01/14/2013
From NPR:
Elite Colleges Struggle To Recruit Smart, Low-Income Kids
After Harvard offered what was, in essence, a free college education to students whose families earned under $40,000 a year, Hoxby says, "the number of students whose families had income below that threshold changed by only about 15 students, and the class at Harvard is about 1,650 freshmen."
Hoxby says some college administers had confided to her that they had reluctantly come to the conclusion that the pool of low-income students with top academic credentials was just limited, and there wasn’t much they could do to change that.
But in an analysis published with Christopher Avery in December, Hoxby has shown that this conclusion isn’t true. There is in fact a vast pool of highly talented, low-income students; they just aren’t ending up in top schools.
Hoxby says in an interview that she asked herself why talented students might escape the attention of college administrators, when the administrators were looking so hard for these students.
"The students whom they see are the students who apply," she says, of admissions officers. "And if a student doesn’t apply to any selective college or university, it’s impossible for admissions staff to see that they are out there."
Hoxby found that the majority of academically gifted low-income students come from a handful of places in the country: About 70 percent of them come from 15 large metropolitan areas. These areas often have highly regarded public high schools, such as Stuyvesant in New York City or Thomas Jefferson in the Washington, D.C., area.
Low-income high-achieving students at these schools have close to 100 percent odds of attending an Ivy League school or other highly selective college, Hoxby says.
The reasons are straightforward: These schools boast top teachers and immense resources. They have terrific guidance counselors. Highly selective colleges send scouts to these schools to recruit top talent. And perhaps most important, students in these schools are part of a peer group where many others are also headed to highly selective colleges.
Hoxby and Avery found that top students who do not live in these major metropolitan areas were significantly less likely to end up at a highly selective school. These students were far less likely to find themselves in a pipeline that ended at an Ivy League school.
"Imagine a student who is the only student who is a likely candidate for a place like Harvard or Stanford or University of Chicago — and he’s not just the only student in his or her high school, but he’s the only student that that high school has graduated like that in, say, three or four years," Hoxby says.
Without mentors and academically talented peers, Hoxby says, many of these students fail to apply to schools that can offer them a premium education free of charge. And because the students are widely dispersed across the 42,000 high schools in the country, college recruiters have a hard time finding them.
Here’s the abstract of Hoxby’s latest paper.
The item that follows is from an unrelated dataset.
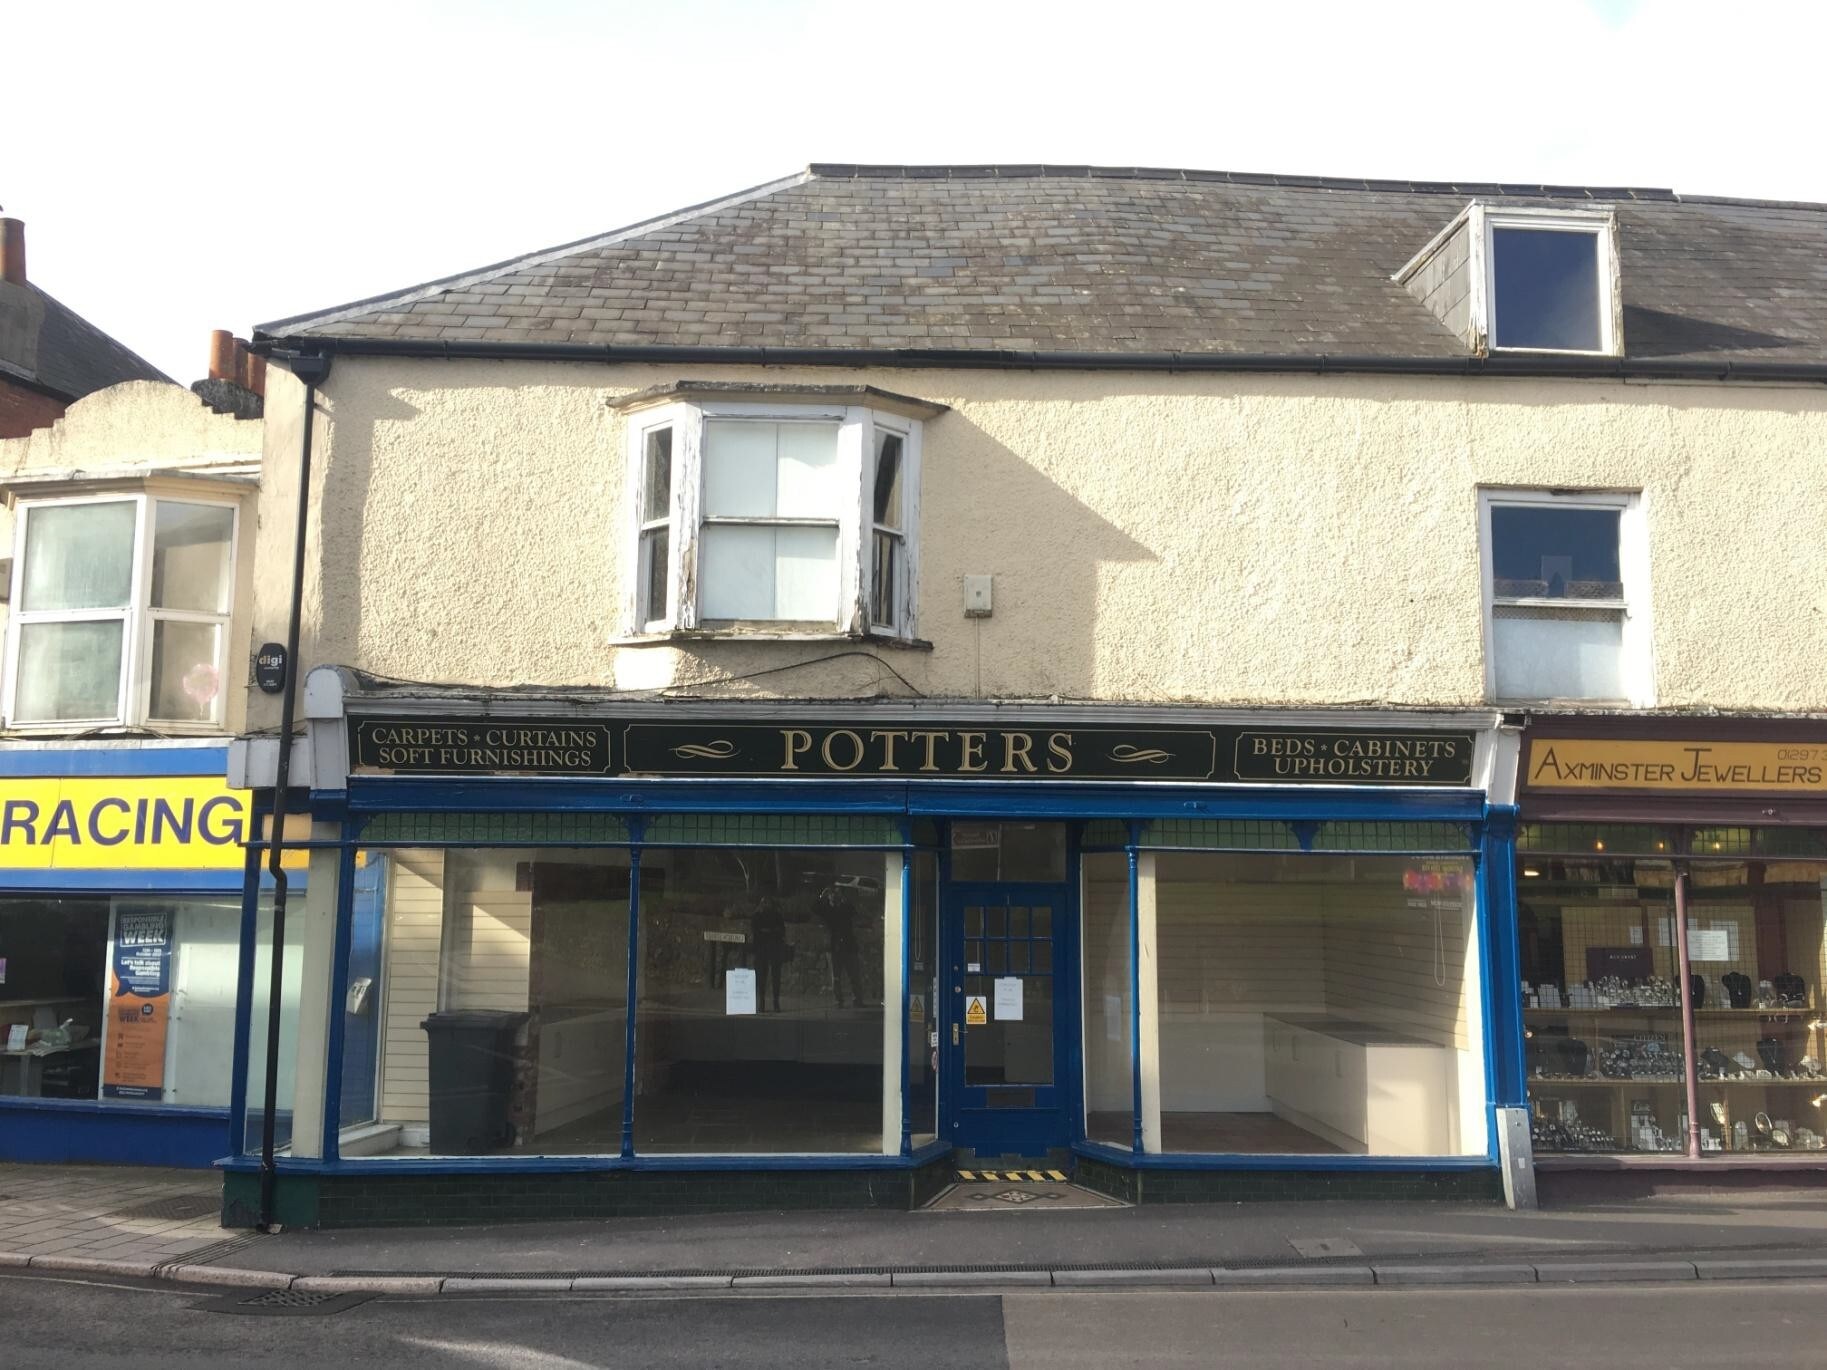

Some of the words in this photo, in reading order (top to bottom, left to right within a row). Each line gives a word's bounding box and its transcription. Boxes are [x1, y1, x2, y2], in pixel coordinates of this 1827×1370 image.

Here’s an earlier one. A few points:
A commenter adds:
The study basically shows that the colleges do their "lower-income" recruiting at high schools in big metro areas, for reasons of efficiency (hence the "lower-income" students the schools come in contact with are mostly minority).
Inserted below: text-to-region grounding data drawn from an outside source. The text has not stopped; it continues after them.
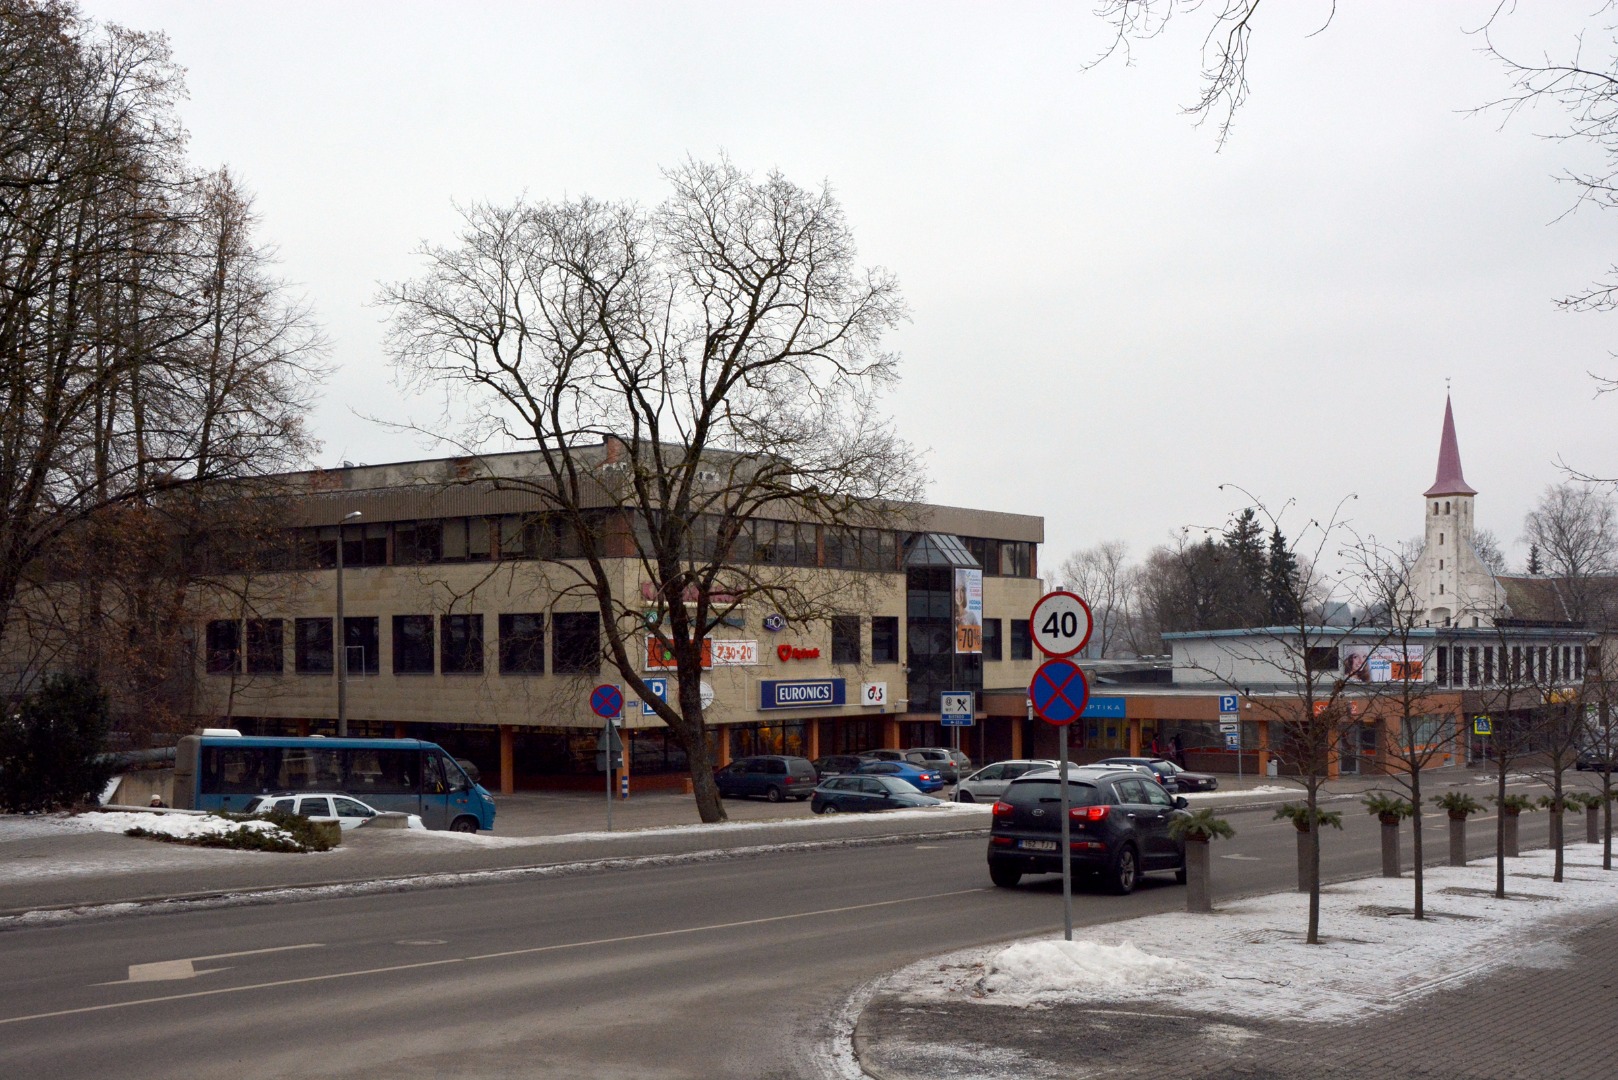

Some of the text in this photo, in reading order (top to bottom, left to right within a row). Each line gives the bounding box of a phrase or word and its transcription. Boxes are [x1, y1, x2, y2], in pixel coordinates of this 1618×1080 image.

[1042, 611, 1077, 638] 40
[959, 628, 980, 648] -70%
[779, 686, 829, 701] EURONICS
[868, 686, 883, 701] G4S
[1223, 697, 1234, 711] P
The "lower-income" students they miss are from smaller towns in rural states (it’s not efficient for college recruiters to travel to each of these), hence presumably the "missed" students are mostly white.
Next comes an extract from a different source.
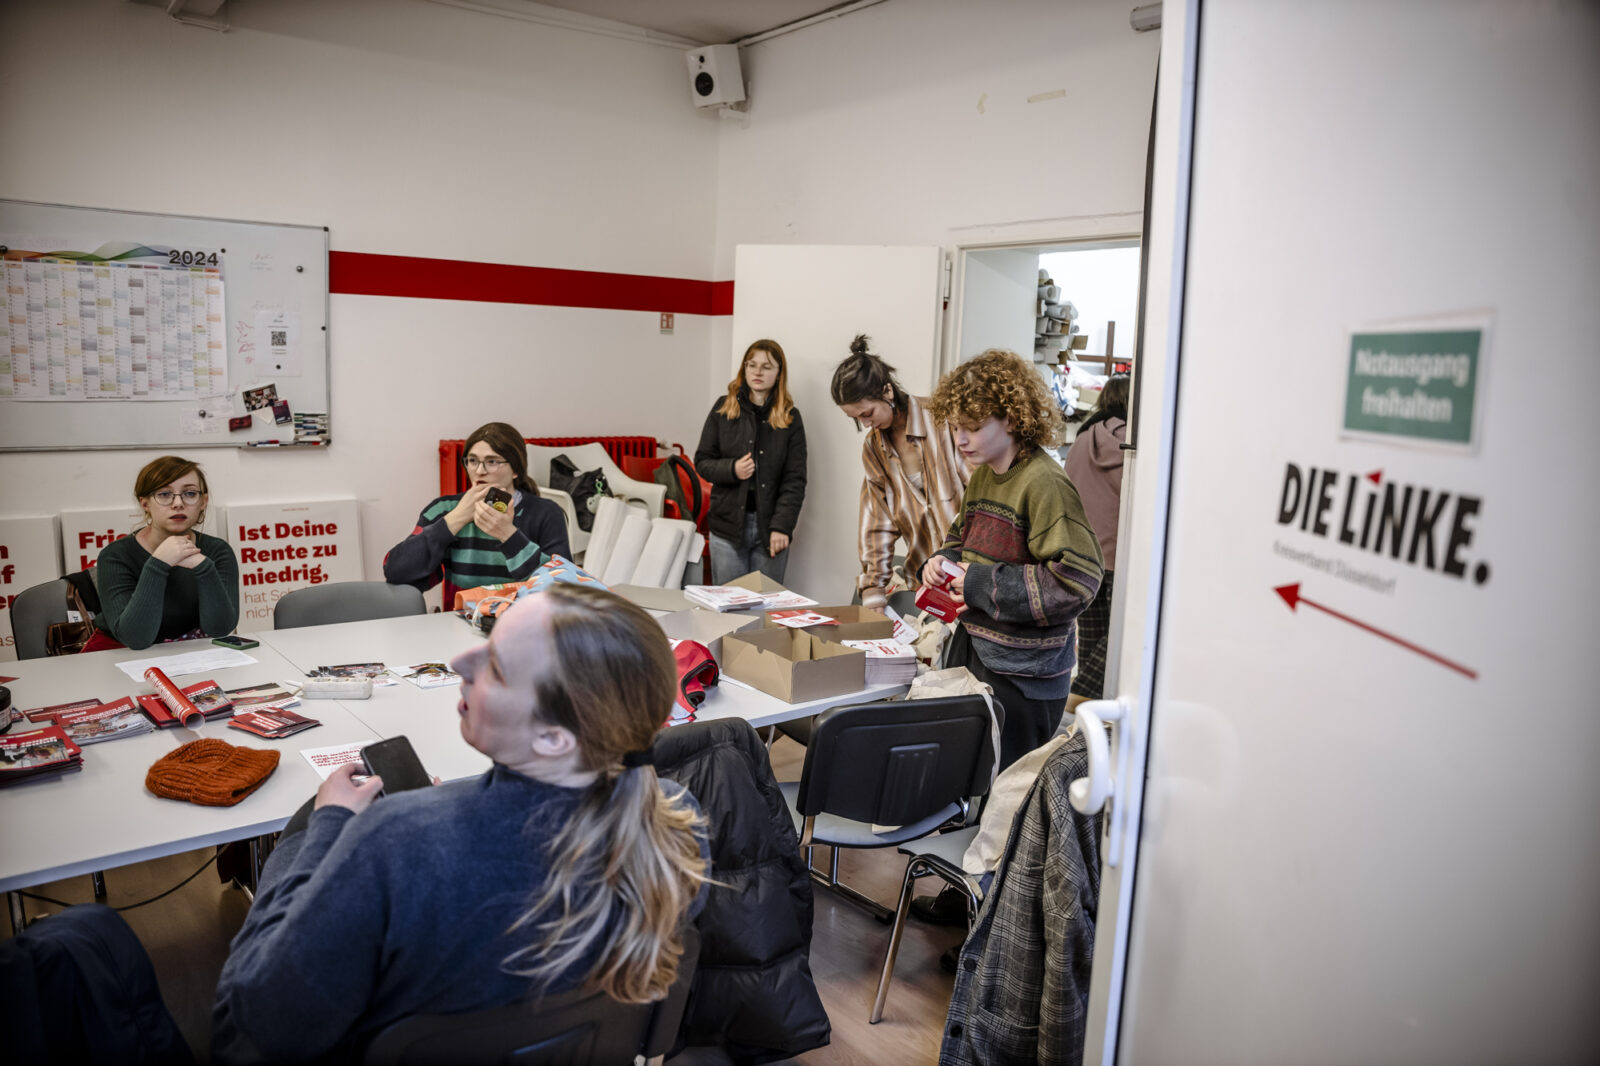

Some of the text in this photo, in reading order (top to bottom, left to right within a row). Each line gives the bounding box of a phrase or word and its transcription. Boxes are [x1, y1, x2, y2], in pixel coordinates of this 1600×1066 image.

Referring to Unz’s recent analysis, we might wonder how much the colleges really want to up the number of red-state whites, even if it would get them more economic diversity.
This is a little bit like how Goldman Sachs recruits only at a tiny number of Northeastern colleges because, you know, if it also recruited at Purdue and Texas A&M it would go broke from the rent-a-car fees alone. Same with Yale. Yale only has $15 billion or whatever in the bank, so it can hardly afford to send recruiters out to nowheresvilles. Motel bills add up!